Он в этот момент не чувствовал уже ни рук, ни ног. И был даже благодарен Альварадо за то, что Педро пока не спешит возвращаться. Гонсало всерьез сомневался, что сумеет самостоятельно встать и пройти хотя бы десяток шагов.
Вокруг Сандоваля сидели остальные участники сегодняшнего боя. Почти все израненные, уставшие до такого состояния, что у них не оставалось сил даже радоваться победе. Да и победа ли это? Ацтеки уплыли, но ведь и конкистадорам придется сейчас отступать. Оживил эту бескрайнюю апатию лишь приход индейцев-носильщиков из лагеря. Они притащили корзины с едой. Альварадо подошел к другу и подал ему довольно черствую кукурузную лепешку и кусок солонины.

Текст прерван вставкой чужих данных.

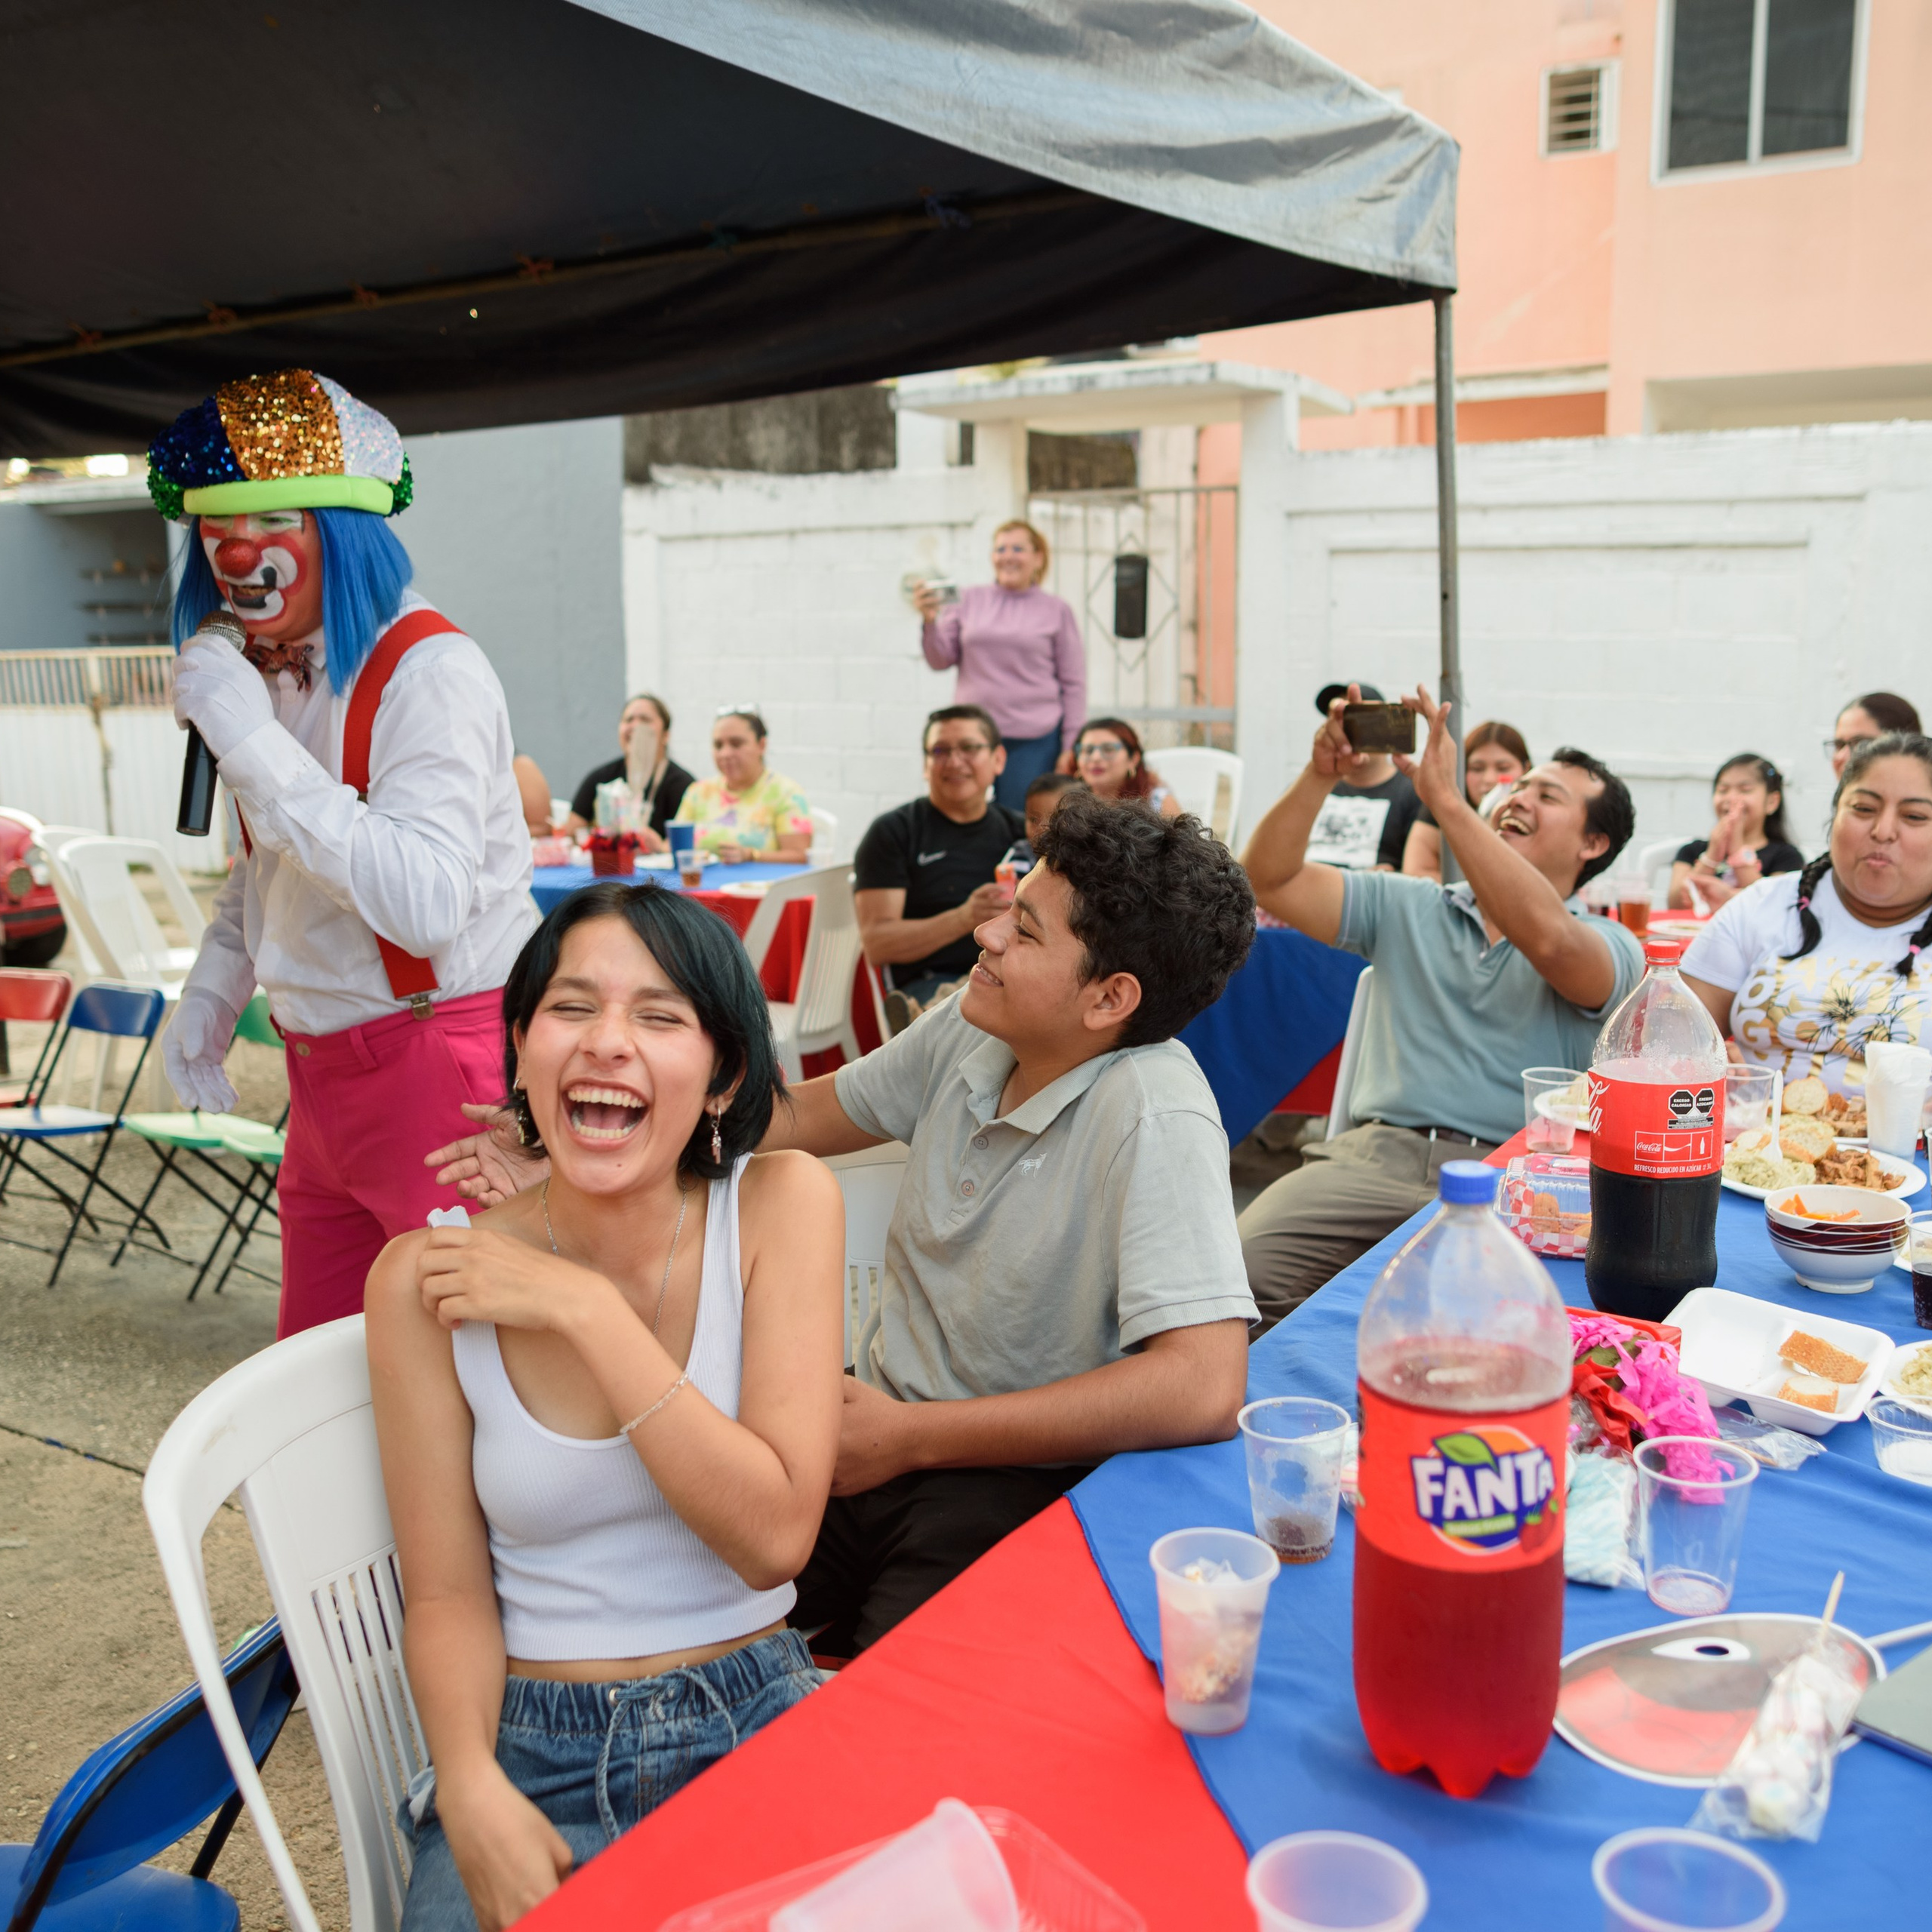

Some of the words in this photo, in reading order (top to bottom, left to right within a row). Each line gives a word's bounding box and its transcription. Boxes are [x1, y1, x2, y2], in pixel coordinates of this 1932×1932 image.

— Извини, больше тебя порадовать нечем, — сказал он. — Еда не ахти какая, но лучше ничего нет. Спасибо за помощь, Гонсало.
Сандоваль сообразил, что не ел с раннего утра, когда наспех перекусил перед наступлением. Он тут же почувствовал небывалый голод и впился зубами в жесткое соленое мясо. Они с Педро сидели, ели и смотрели на Теночтитлан.
Город казался таким близким! Отсюда Гонсало отлично видел высокую пирамиду, стоящую на самой окраине города, совсем недалеко от воды. На вершине ее горел огромный костер. В это время оттуда донесся низкий вибрирующий грохот огромного барабана. Его мучительный голос, казалось, заставлял содрогаться все тело. Уши с трудом выдерживали эти грозные рокочущие звуки. Вторя барабану, хрипло заревели раковины, а вслед за ними завизжали флейты.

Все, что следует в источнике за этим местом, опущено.